Guest pen | Urbanization in the 2020s is based on immigration

How are Finland's big cities preparing for a significant increase in population and especially immigration?

The big ones the population increase of cities and urban regions reached a record level last year. The population increase in the regions of Helsinki, Tampere, Turku and Kuopio was higher than in five decades. The background of the growth is increased immigration, one of the factors being the home municipality choices of those who came to Finland from Ukraine.

Urban areas make up only five percent of Finland's land area, but about 73 percent of the population lives in them and 80 percent of jobs are located there. In the years 2010–2022, their population increased by approximately 376,000 people.

Urbanization accelerated in the mid-2010s, but at the beginning of the coronavirus pandemic it experienced an arrhythmia. The number of municipalities that benefited from migration doubled, and the migration gains were distributed more evenly across the country than before. The migration losses of rural municipalities decreased. The capital region suffered historic migration losses in internal migration. The migration flows turned to the urban framework areas, the nearby countryside and large cottage and tourist settlements.

As a result of the pandemic, hybrid work and location-independent working became more common and digitization progressed permanently, but the changes in regional development and choices related to place of residence remained temporary. In 2023, we returned to the career before the corona crisis. Population growth and migration gains are again focused on large urban areas, despite the fact that remote work gives more and more people great freedom to choose their place of residence.

Urbanization and the acceleration of concentration is based on three different trends: metropolitanization, suburbanization and internationalization.

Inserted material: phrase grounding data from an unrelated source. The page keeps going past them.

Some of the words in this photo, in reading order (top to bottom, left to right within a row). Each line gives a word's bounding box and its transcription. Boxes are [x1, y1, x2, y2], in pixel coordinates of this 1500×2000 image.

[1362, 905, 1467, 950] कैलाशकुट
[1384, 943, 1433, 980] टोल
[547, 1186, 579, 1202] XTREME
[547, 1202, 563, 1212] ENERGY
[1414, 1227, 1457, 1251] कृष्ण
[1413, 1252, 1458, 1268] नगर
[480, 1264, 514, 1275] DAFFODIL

The appeal of big cities is increased by hard and soft factors. Hard attraction factors are related to, among other things, wide-ranging job, training and service offerings as well as future opportunities, soft attraction factors to events and experiences, atmosphere and comforts perceived as urban.

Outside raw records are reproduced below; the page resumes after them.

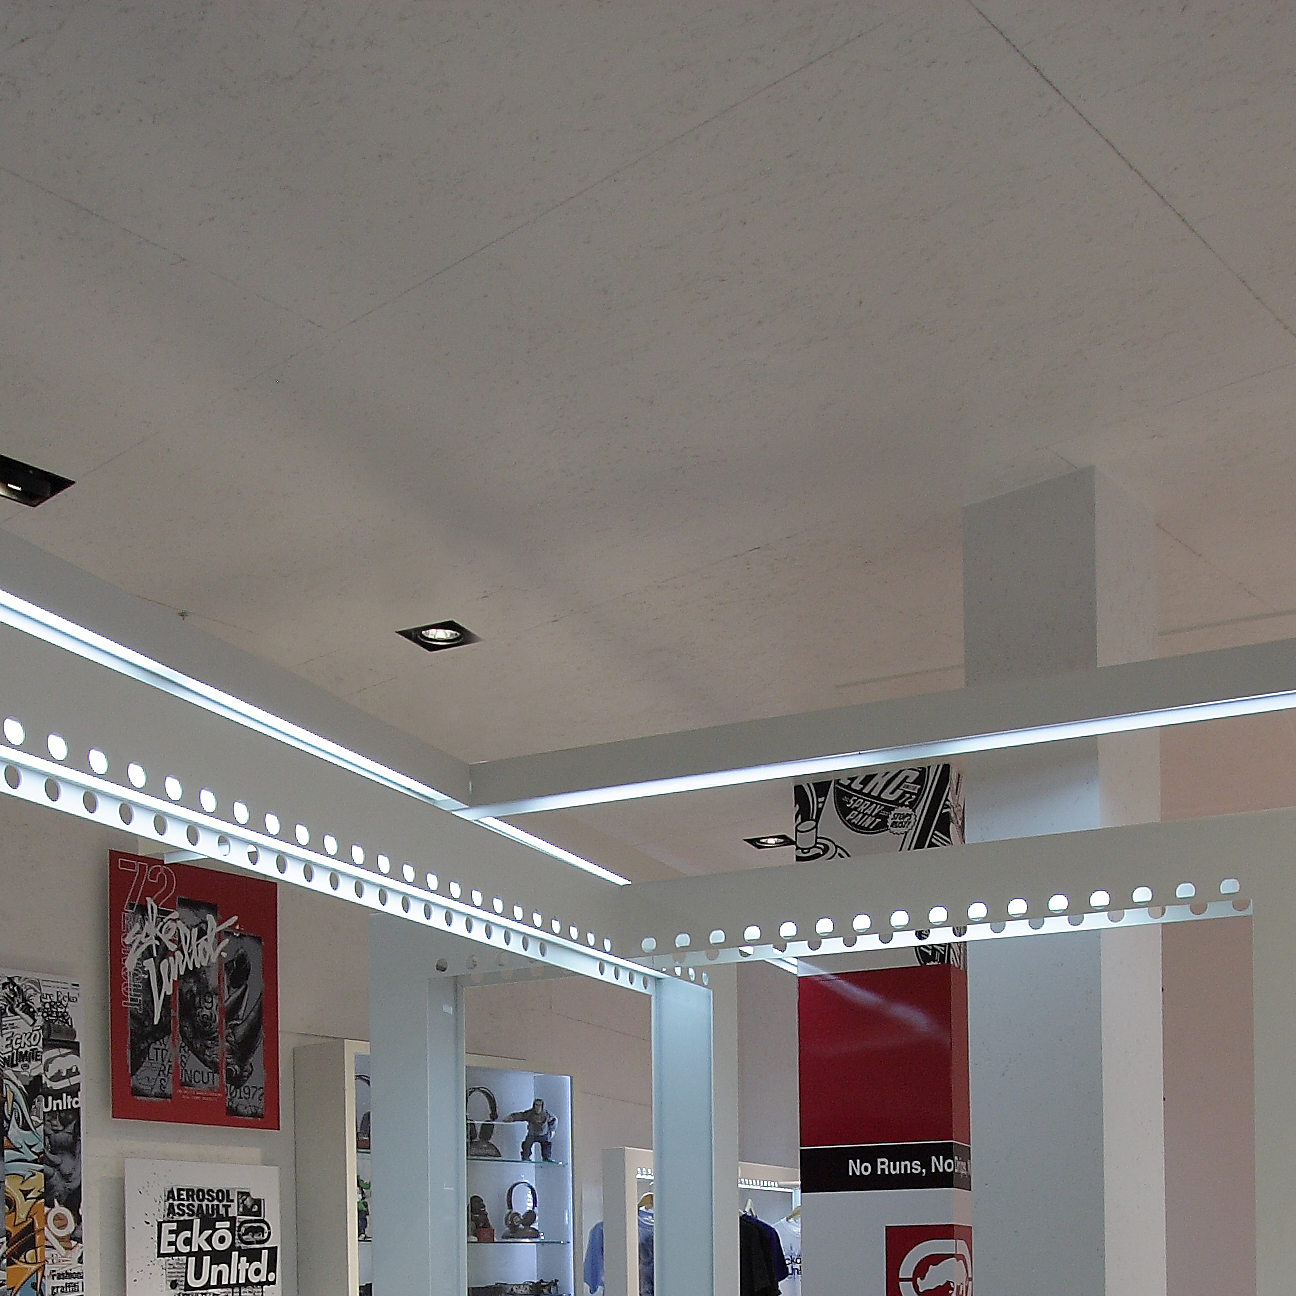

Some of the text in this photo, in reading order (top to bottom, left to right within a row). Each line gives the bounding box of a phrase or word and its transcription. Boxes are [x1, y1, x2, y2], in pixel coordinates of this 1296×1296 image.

[846, 796, 883, 816] SPRAY
[846, 810, 882, 829] PAINT
[118, 858, 177, 918] 72
[848, 1158, 872, 1176] No
[876, 1157, 926, 1177] Runs,
[931, 1155, 954, 1173] No
[166, 1187, 235, 1204] AEROSOL
[166, 1202, 232, 1218] ASSAULT
[159, 1218, 233, 1255] Eckō
[186, 1249, 277, 1288] Unltd.

Suburbanization is increased by the fact that young adults and families with children prioritize housing and a comfortable living and living environment. Drivers for choosing a place to live are, for example, the price of housing, space and spaciousness, good connections, remote work opportunities, health and perceived safety.

At the beginning of the pandemic, urbanization experienced a dysrhythmia.

However, urbanization in the 2020s is above all internationalization. The growth of cities is based on increased immigration, especially in the capital region but also in other big cities. The phenomenon can also be seen in the fact that, when moving from their first place of residence in Finland, immigrants seek large population centers.

The big ones alongside the growth of urban areas, there are still indications of migration from large cities to smaller and rural areas, which became more common during the pandemic. Large tourist centers, especially in Lapland, benefit from these counterflows of migrants.

However, the direction of urbanization and concentration development did not change after the temporary disruption caused by the corona crisis. What is new is that you no longer necessarily have to move to cities for work and live there expensively, if you have the option to choose otherwise or to work remotely.

The pandemic might even have been a tipping point, after which cities are considered even more attractive. Those who do not have to go there but want to live in the city because of its inherent attraction and holding power stay or move to cities.

In cities the growth of the population and housing estates is high, but new housing construction projects are at a standstill. If the situation continues to be similar, the challenge of urbanization may once again be the adequacy of housing production.

The key question is how big cities prepare for a significant increase in population and especially immigration. Now we should not drift into a similar dead end as in the growth pressures of the great migration of the 1960s and the turn of the 1970s.

Timo Aro is the research director of the City of Turku.

Guest pens are speeches by experts that have been selected by the editorial board of HS to be published. The opinions expressed in guest pens are the authors' own views, not HS's positions. Writing instructions: www.hs.fi/vieraskyna/.